Mitigating Glass Railings

By John Carley

Bird-safe glass railings at Point Pelee National Park, Ontario. Photo: Garth Riley

All FLAP volunteers and supporters are well aware of the dangers windows present to birds, but all too often we forget about other architectural uses of glass.

You’ve probably seen the ad, or one similar – Undisturbed, natural, beautiful – extolling the virtues of frameless glass railings for your home or cottage.

Nowhere in the ad does it state that these glass railings are bird-killers. The toll on the local birdlife can be extensive. As anyone who has volunteered picking up injured or deceased birds knows, birds cannot perceive glass. Glass railings are especially dangerous, as birds see the vegetation beyond and attempt to fly-through, with, usually, disastrous results. These results happen whether the glass railings are at a cottage deck, an urban park, or a condominium.

The best solution, when planning your residential project, is to select a railing style other than glass ….wood or metal are far superior. If the guards and pickets are open, you’ll have the added benefit of ventilation, and, if you decline glass, you’ve saved yourself all the maintenance that glass requires! If you are bound and determined to have glass panels, then the glass must incorporate visual markers, closely spaced, on the exterior surface of the glass. An overlay of dots, stripes, or patterns at, desirably,  a 2”x 2” (50mm x 50 mm) spacing can be placed on the glass, or the glass itself could be etched or patterned to the same desirable spacing … in other words, some form of “visual noise” that will alert an approaching bird that these railings are obstacles to be avoided. Geometric patterns (grids, stripes) are the most common, but nothing should prevent a free-form or abstract expression of markers!

Photo: John Carley

If you already have glass railings, then at the very least, don’t clean them 😊. A dirty glass panel is more bird-friendly than a clean one! Seriously though, if you have glass railings, then do mitigate the dangerous situation. Do install a visual barrier in front of or on the glass…hanging strips, applied dot patterns, taped stripes, all work, ideally at the 2”x 2” (50mm x 50 mm) spacing. There are commercially available DIY kits, but homemade remedies work can just as well. Despite being in commercial use, the falcon silhouettes are not effective: they leave too much glass unobstructed. Birds react to the overall “visual noise”, not to the specific image of a falcon.
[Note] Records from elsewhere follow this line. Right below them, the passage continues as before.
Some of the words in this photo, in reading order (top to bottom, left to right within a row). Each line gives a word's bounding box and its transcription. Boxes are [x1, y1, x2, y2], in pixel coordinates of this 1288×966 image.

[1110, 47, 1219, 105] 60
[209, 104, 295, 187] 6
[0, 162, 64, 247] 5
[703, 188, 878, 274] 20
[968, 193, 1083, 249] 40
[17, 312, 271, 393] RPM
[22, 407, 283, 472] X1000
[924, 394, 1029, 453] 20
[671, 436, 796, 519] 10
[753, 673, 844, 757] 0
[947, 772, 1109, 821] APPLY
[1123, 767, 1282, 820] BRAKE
Occasionally I hear someone mention that there has never been a bird collision with their glass railing. To that my reply is doubtful: that person, more than likely, just has never seen the results. The injured bird may have flown off, to succumb elsewhere, or it may have been scavenged by a gull or animal, leaving no evidence of a collision with the glass railing.

It is estimated that up to a billion birds a year are killed in North America in collisions with buildings and architectural elements. Avoiding the use of glass railings would be the most desirable approach, but making your glass railings bird-safe is a simple and easy task. Both solutions have a great environmental pay-back.
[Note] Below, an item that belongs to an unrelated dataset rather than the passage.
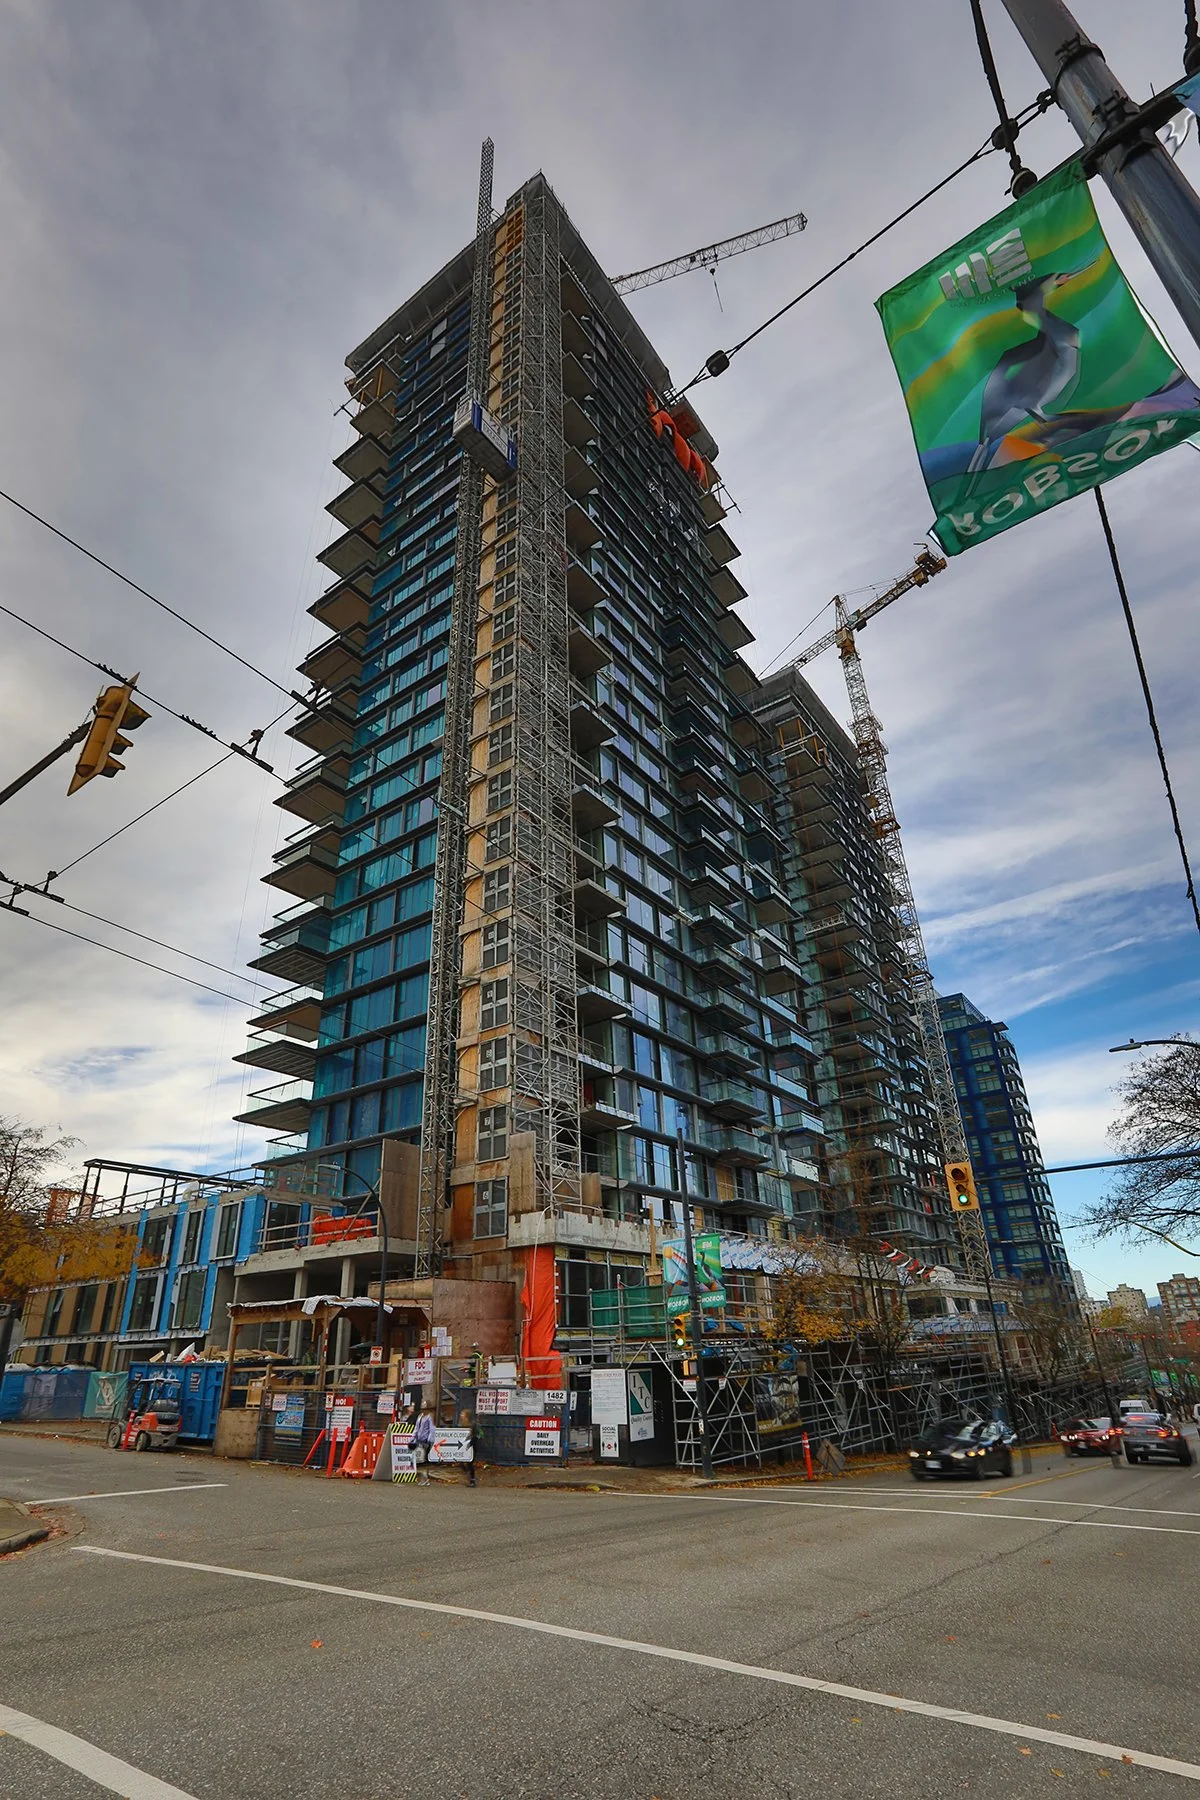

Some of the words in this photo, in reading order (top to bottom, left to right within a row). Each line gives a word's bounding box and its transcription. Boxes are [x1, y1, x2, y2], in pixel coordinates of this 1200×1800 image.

[414, 1361, 426, 1370] FDC
[632, 1375, 651, 1410] ITC
[530, 1420, 557, 1428] CAUTION
For more information, please visit www.birdsafe.ca

Author Biography

John Carley is now a retired architect, and a Board member of FLAP Canada. John was a volunteer member (the only architect) of the City of Toronto Bird-Friendly Development Working Group, which produced the Bird-Friendly Development Guidelines in 2007, which were later incorporated into the Toronto Green Standard in 2010. John assisted the City in the preparation of a companion document, which, in 2016, was realised as “Bird-Friendly Best Practices Glass”. John was a member of the CSA Technical Committee that established a CSA Standard for Bird Friendly Building Design. Since 1986, John has been Co-Chair of Friends of the Spit, a citizen advocacy group, established in 1977, dedicated to preserving the entire Leslie Street Spit and Baselands as a car-free public urban wilderness.